Alessandro Cesarini

Personal information
- Date of birth: 19 June 1989 (age 36)
- Place of birth: La Spezia, Italy
- Height: 1.78 m (5 ft 10 in)
- Position: Forward

Team information
- Current team: Livorno

Youth career
- 0000–2006: Spezia

Senior career*
- Years: Team / Apps / (Gls)
- 2006–2010: Sarzanese / 75 / (21)
- 2010–2013: Spezia / 40 / (6)
- 2011–2012: → Viareggio (loan) / 32 / (6)
- 2012–2013: → Sorrento (loan) / 9 / (1)
- 2013: → Prato (loan) / 9 / (1)
- 2013–2014: Savona / 28 / (10)
- 2014–2016: Pavia / 66 / (24)
- 2016–2018: Reggiana / 63 / (20)
- 2018–2020: Robur Siena / 32 / (7)
- 2020–2021: Pistoiese / 15 / (3)
- 2021: → Piacenza (loan) / 14 / (4)
- 2021–2023: Piacenza / 57 / (19)
- 2023– 2024: Livorno / 4 / (3)

= Alessandro Cesarini (footballer) =

Italian footballer (born 1989)

Alessandro Cesarini (born 19 June 1989) is an Italian footballer who plays as a forward for Serie D club Livorno. Cesarini is called "Il Mago" (The Wizard) by his fans because he is a very technical and skiller player.

==Club career==
Born in La Spezia, Liguria, Cesarini started his senior career at Serie D club Sarzanese, a minor team in the Province of La Spezia. He was the member of Serie D representative team for 2010 Torneo di Viareggio. However Cesarini, along with Daniele Bernasconi were no longer eligible after they had signed by professional teams that month.

===Spezia===
On 20 January 2010 he was signed by Spezia, where he finished as the runner-up of the four division. The signing of Cesarini had cost Spezia €45,000. On 10 July 2010 Cesarini signed a new 4-year contract. On 29 August 2011 he was loaned to Viareggio. Cesarini only played once for Spezia in 2011–12 season in the first round of the cup, which Spezia was the champion of the third division as well as the champion of the Lega Pro cup.

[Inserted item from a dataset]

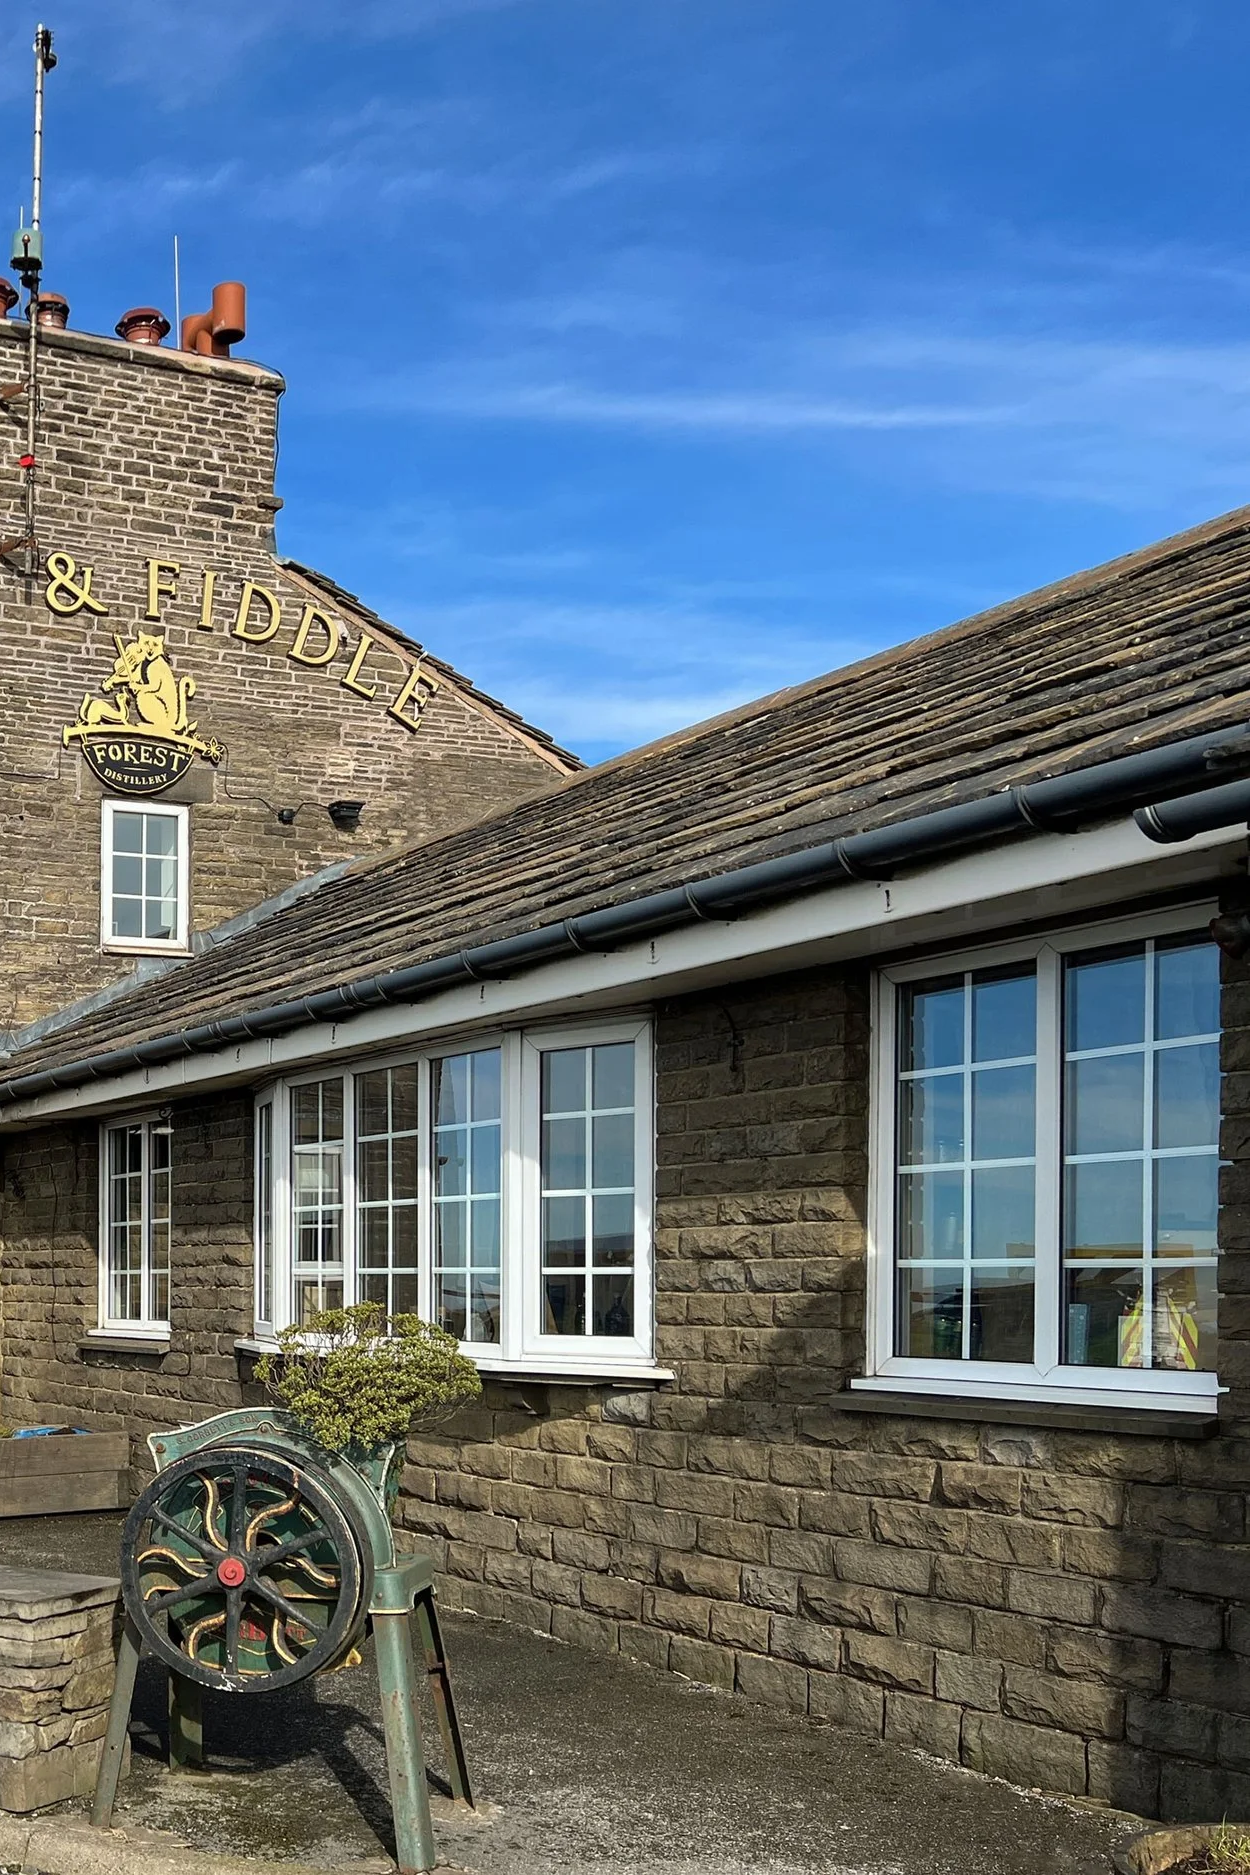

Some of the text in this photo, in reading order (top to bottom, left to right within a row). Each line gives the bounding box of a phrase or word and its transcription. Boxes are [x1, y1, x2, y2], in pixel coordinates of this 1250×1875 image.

[45, 551, 109, 616] &
[144, 557, 439, 732] FIDDLE
[92, 745, 185, 772] FOREST
[104, 768, 168, 785] DISTILLERY

Cesarini was not assigned any shirt number for 2012–13 Serie B. On 31 August 2012 Cesarini was loaned to Sorrento. On 31 January 2013 Cesarini and Alessandro Di Dio were signed by Prato., with Petar Kostadinović moved to opposite direction in temporary deal via Nocerina. Cesarini was released by Spezia on 28 August 2013. Cesarini was already linked to Savona on 24 July. Cesarini was also not assigned any shirt number for Spezia in 2013–14 Serie B.

===Savona===
On 26 August 2013 Ligurian club Savona announced the signing of Cesarini on loan from Parma. The club also borrowed several players from Parma, namely Alessio Aracu, Cristiano Spirito, Manuel La Rosa, Giordano Maccarone, Matteo Gaudiano, Alberto Ricter, Gioele Sterlicchio, Alberto Giuliatto, Alberto Galuppo and Gabriele Puccio, On 30 January 2014 Savona acquired half of the registration rights of Cesarini from Parma. In the same window Savona also signed half of the rights of Raffaele Rosato.

===Pavia===
In summer 2014 Cesarini was signed by Pavia.

===Reggiana ===
On 18 August 2016 Cesarini signed a contract with Reggiana.

===Pistoiese===
On 7 September 2020 he joined Pistoiese on a 2-year contract. On 1 February 2021, he was loaned to Piacenza.

===Piacenza===
On 21 July 2021, he signed with Piacenza.